_Task to carry out_
From the first line to the last, output the data exactly as it stands, minus its pictures.

_Data for analysis_
--- START ---

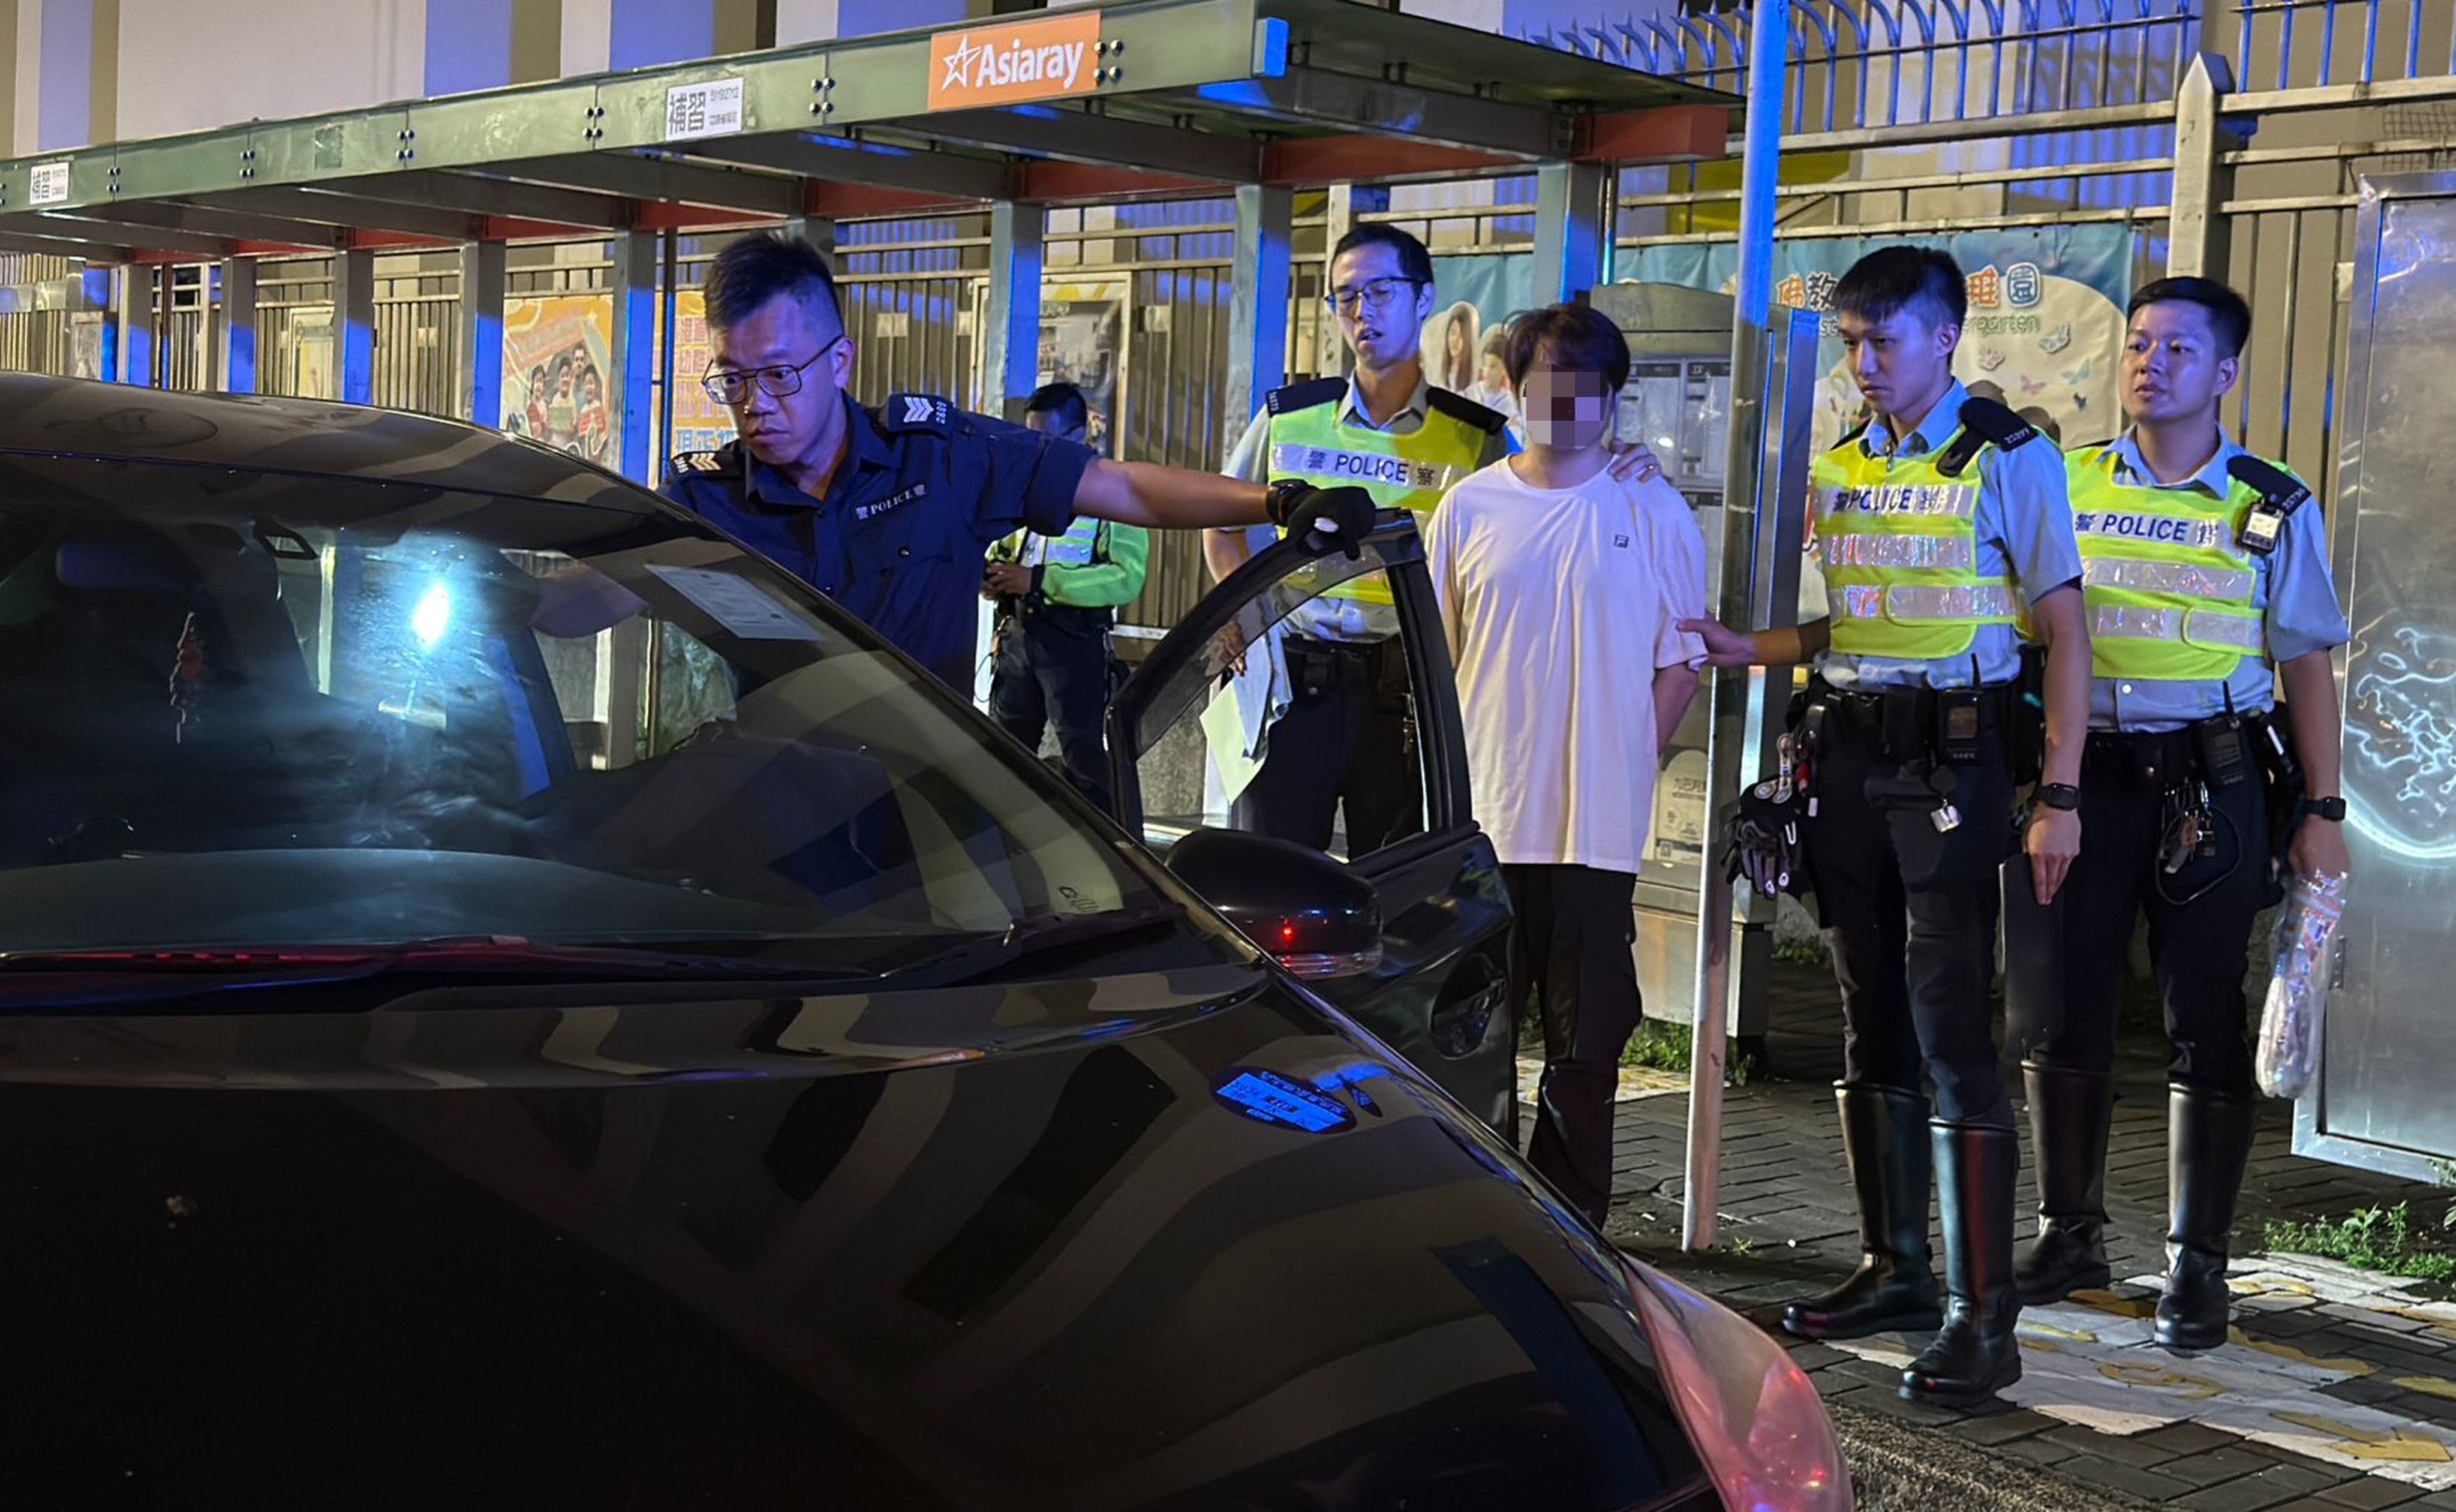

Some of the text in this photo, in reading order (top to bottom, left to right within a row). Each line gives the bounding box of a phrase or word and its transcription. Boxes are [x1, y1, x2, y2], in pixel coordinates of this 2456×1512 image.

[975, 38, 1084, 89] Asiaray
[1335, 456, 1409, 482] POLICE
[870, 489, 915, 515] POLICE
[2102, 514, 2189, 542] POLICE
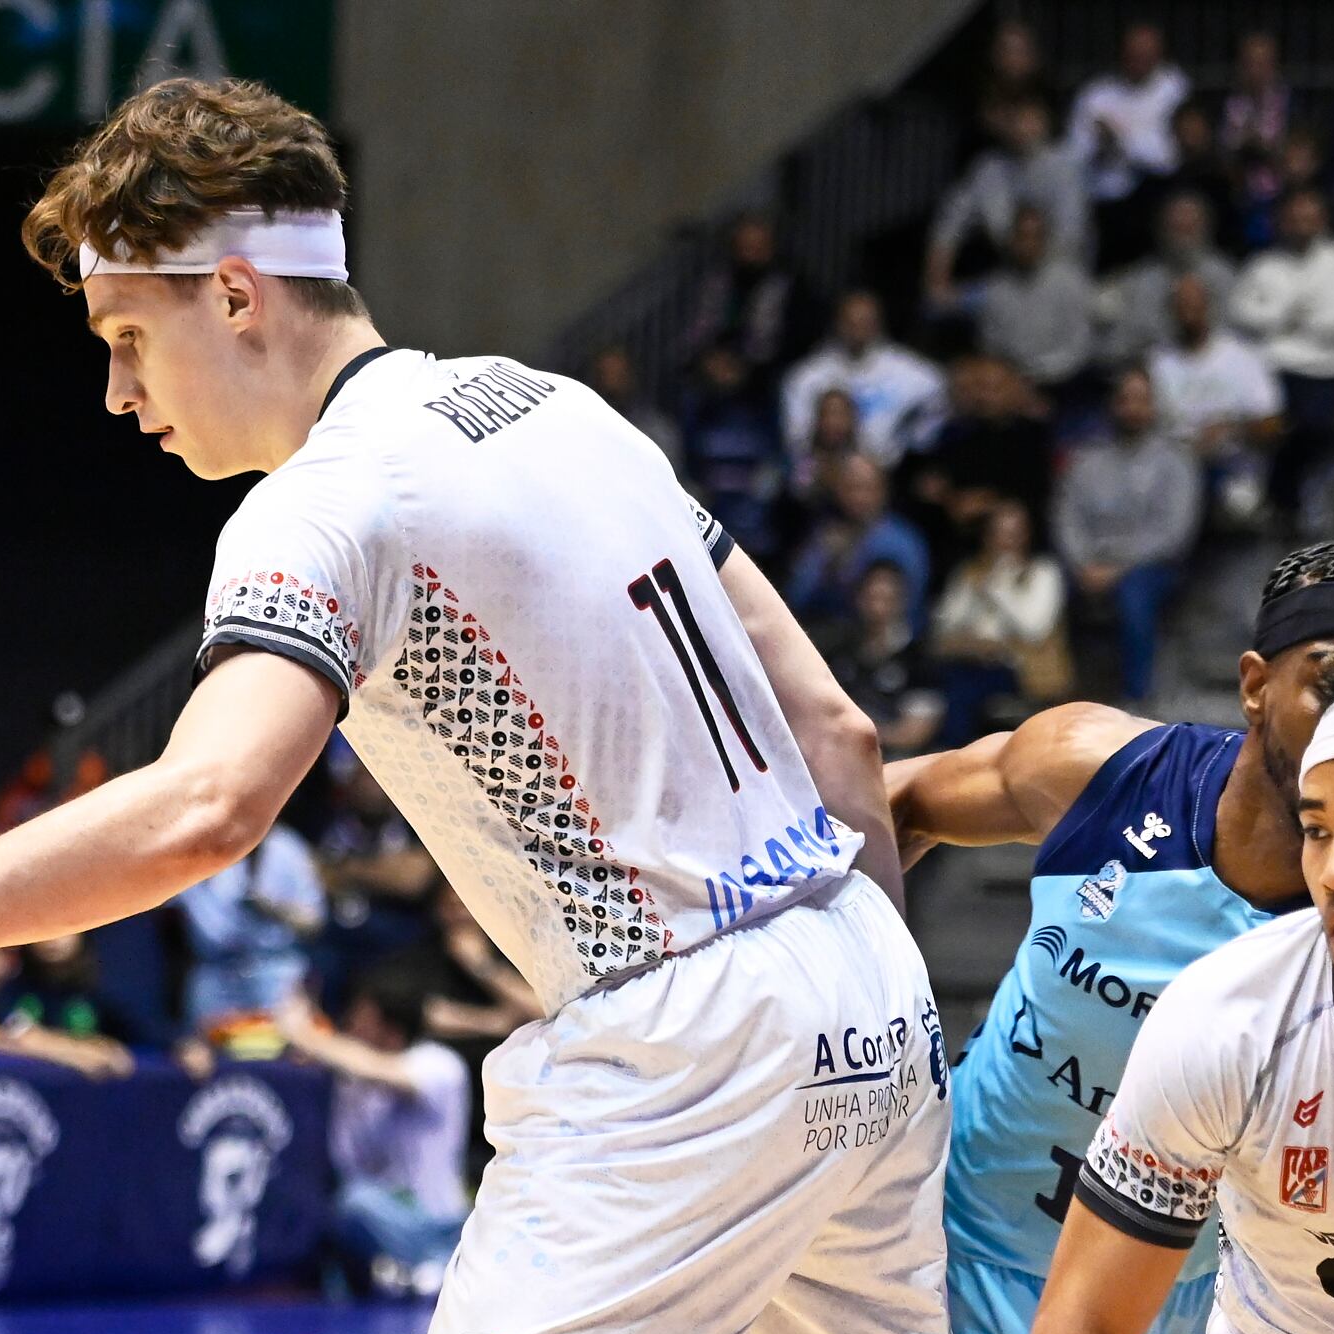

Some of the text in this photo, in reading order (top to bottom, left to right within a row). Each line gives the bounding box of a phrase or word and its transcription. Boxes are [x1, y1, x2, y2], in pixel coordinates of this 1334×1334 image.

--- END ---

_Solution to the problem_
Some of the text in this photo, in reading order (top to bottom, left to right within a row). Each line gives the bounding box of a phrase or word and its transcription. Boxes are [x1, y1, x2, y2], in pixel coordinates of this 2456×1512 image.

[975, 38, 1084, 89] Asiaray
[1335, 456, 1409, 482] POLICE
[870, 489, 915, 515] POLICE
[2102, 514, 2189, 542] POLICE

Some of the text in this photo, in reading order (top to bottom, left to right within a row). Each line gives the bounding box of a phrase or word and its transcription. Boxes are [x1, y1, x2, y2], in pixel coordinates of this 1334×1334 image.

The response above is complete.